イギリスの南海岸に位置する海沿いの街ブライトンを拠点とするラッパーJordan Stephens(ジョーダン・スティーブンス)がNHS(イギリスの国民保健サービス)とYMCA(青少年の成長を願って1844年にロンドンで誕生した世界最大規模の非営利団体)と共に2016年に立ち上げた「#IAMWHOLE」(アイアムホール)キャンペーン。同キャンペーンは、メンタルヘルスへのスティグマ(差別や偏見の対象、ネガティブなイメージ)をなくし、誰もが自身のメンタルヘルスについてオープンに話せるような社会作りを目的としている。キャンペーンのインスピレーションとなった、2016年にスティーブンスがリリースしたMV「Whole」は60万人以上の人が視聴した。これまで毎日自分のメンタルヘルスのために1時間費やすべきだと「WHOLE Hour」を呼びかけ、エド・シーランをはじめとする人気アーティストを迎えMusic 4 Mental Healthというチャリティーコンサートも実現。アーティストやクリエイターを呼んでメンタルヘルスについて話すスティーブンスのポッドキャスト「WHOLE Truth Podcast」も進行中。

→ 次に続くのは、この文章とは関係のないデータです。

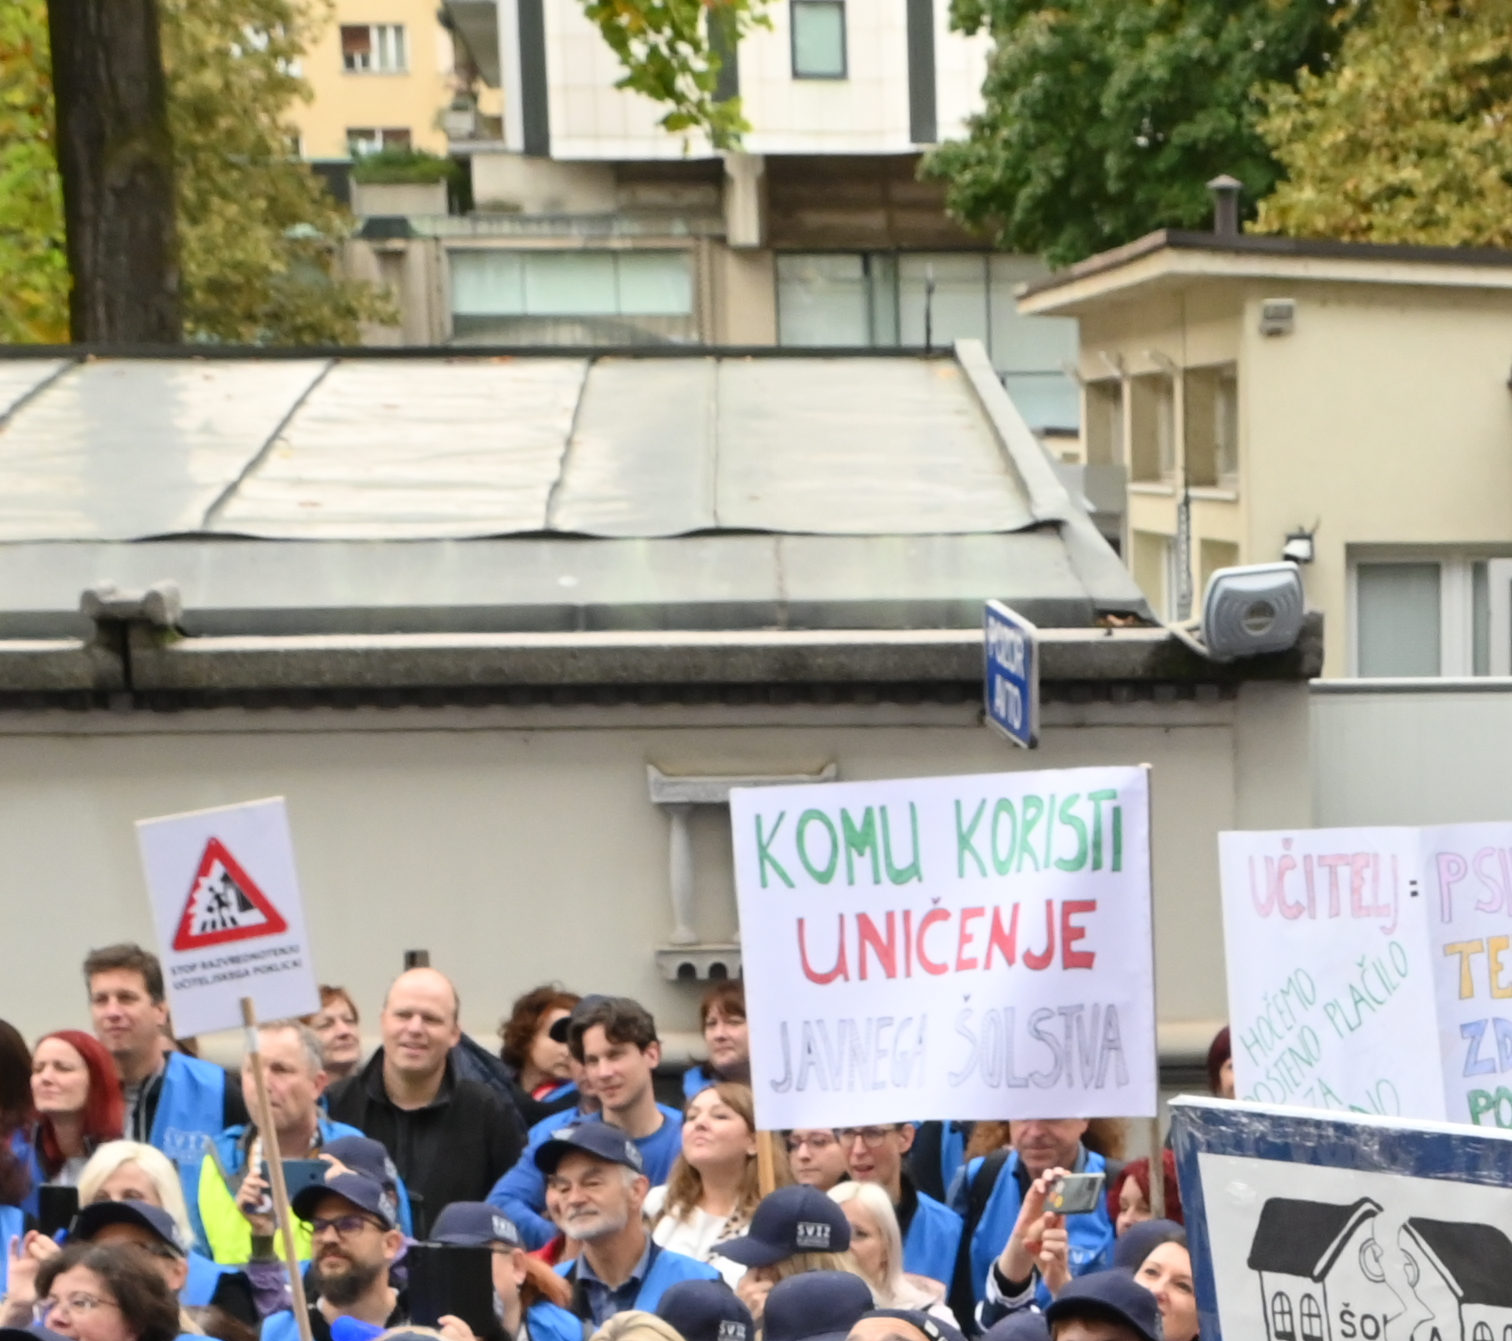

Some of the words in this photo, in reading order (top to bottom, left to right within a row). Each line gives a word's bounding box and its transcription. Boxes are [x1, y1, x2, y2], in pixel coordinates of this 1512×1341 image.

[755, 801, 923, 889] KOMU
[955, 788, 1122, 879] KORISTI
[797, 897, 1097, 985] UNIČENJE
[770, 1013, 926, 1093] JAVNEGA
[948, 994, 1129, 1089] ŠOLSTVA
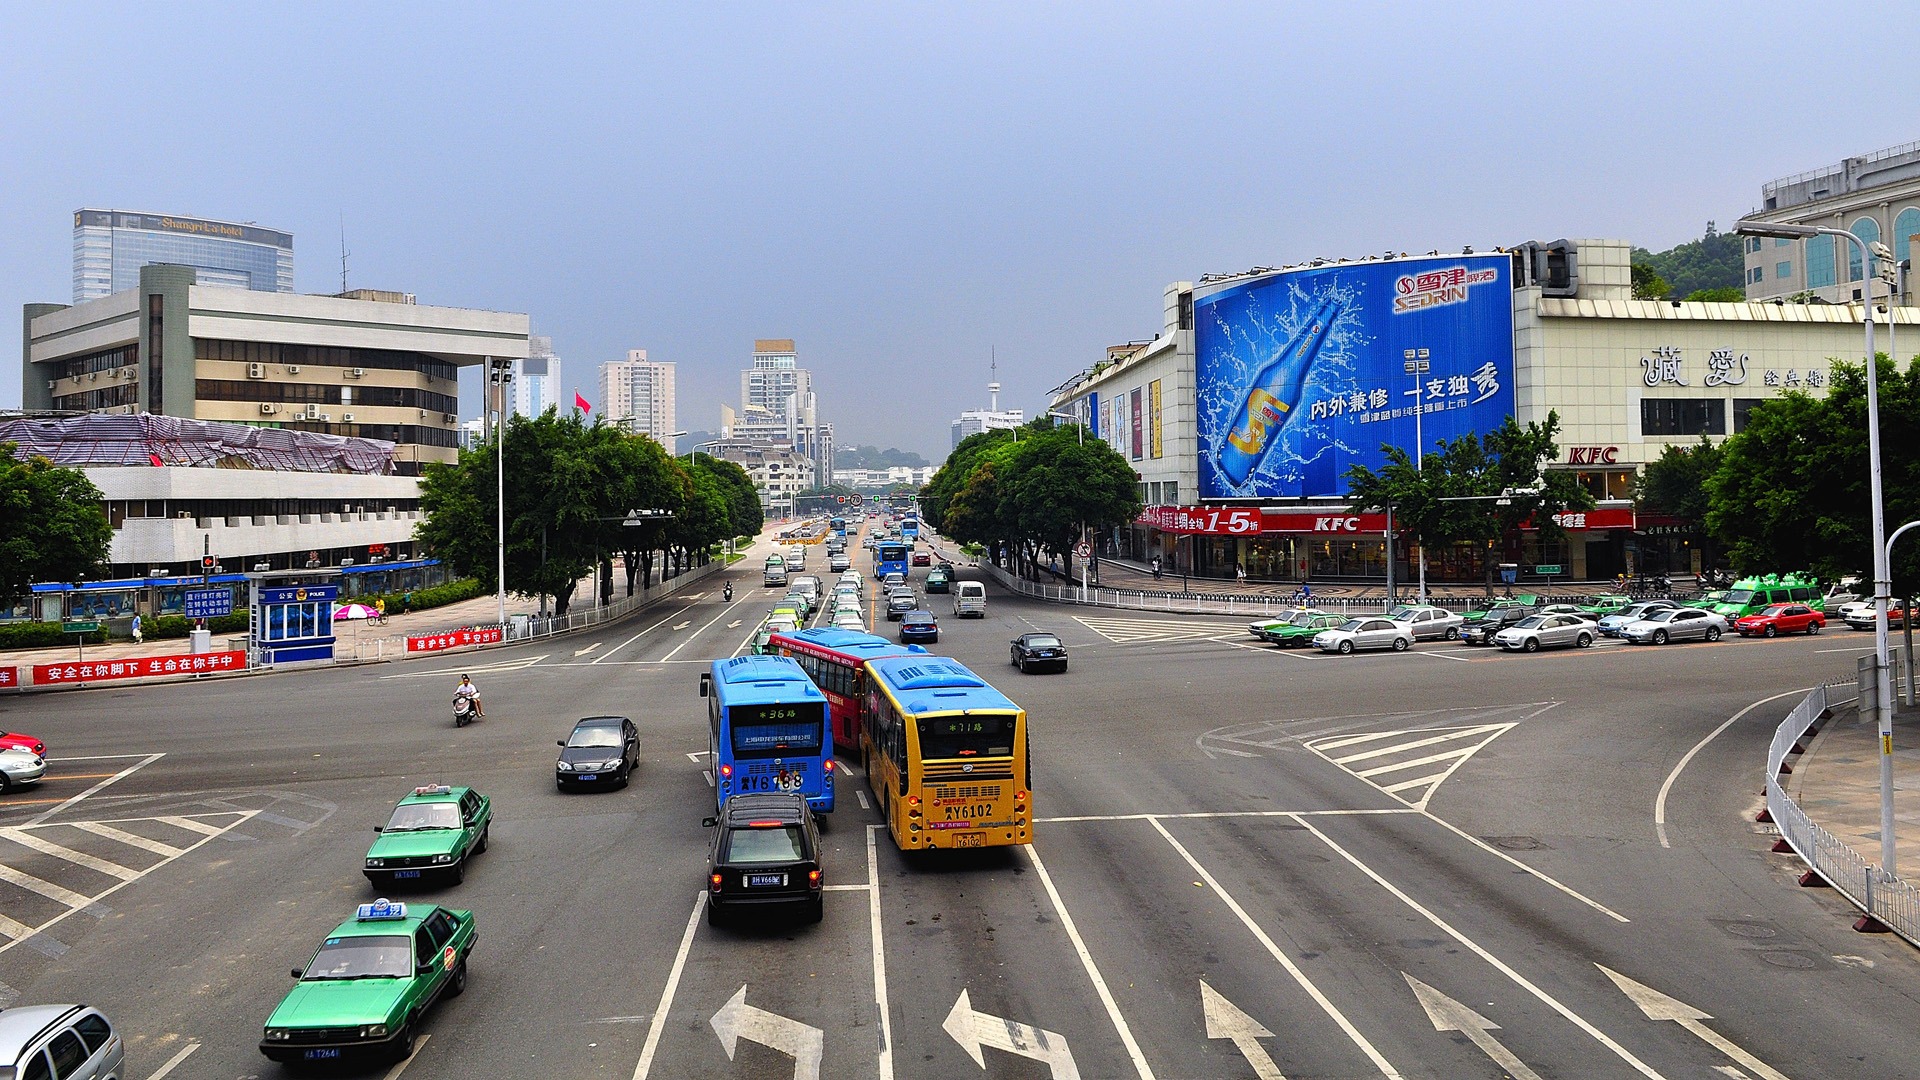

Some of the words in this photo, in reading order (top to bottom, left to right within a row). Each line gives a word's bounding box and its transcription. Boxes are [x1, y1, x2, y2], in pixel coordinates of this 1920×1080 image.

そして2020年、新型コロナのための自粛生活のなかで孤独を味わい、メンタルヘルスの問題に直面した人は少なくないなか、これまでもセックスについてヘルシーにオープンに話す特集などをはじめ、世の中でタブー視されてきたことをオープンに話すきっかけづくりを発信してきたNEUT Magazineは#IAMWHOLEに賛同し、メンタルヘルスについて考え、「セルフラブ」を発信するプロジェクトを始動。

Vol.1「脆い自分を受け入れることが勇敢さだ」英ラッパーがメンタルヘルスへの偏見をなくすキャンペーンを始めた理由

Vol.2では、haru.、松㟢翔平、みたらし加奈、TaiTan、山本奈衣瑠にインタビュー

haru.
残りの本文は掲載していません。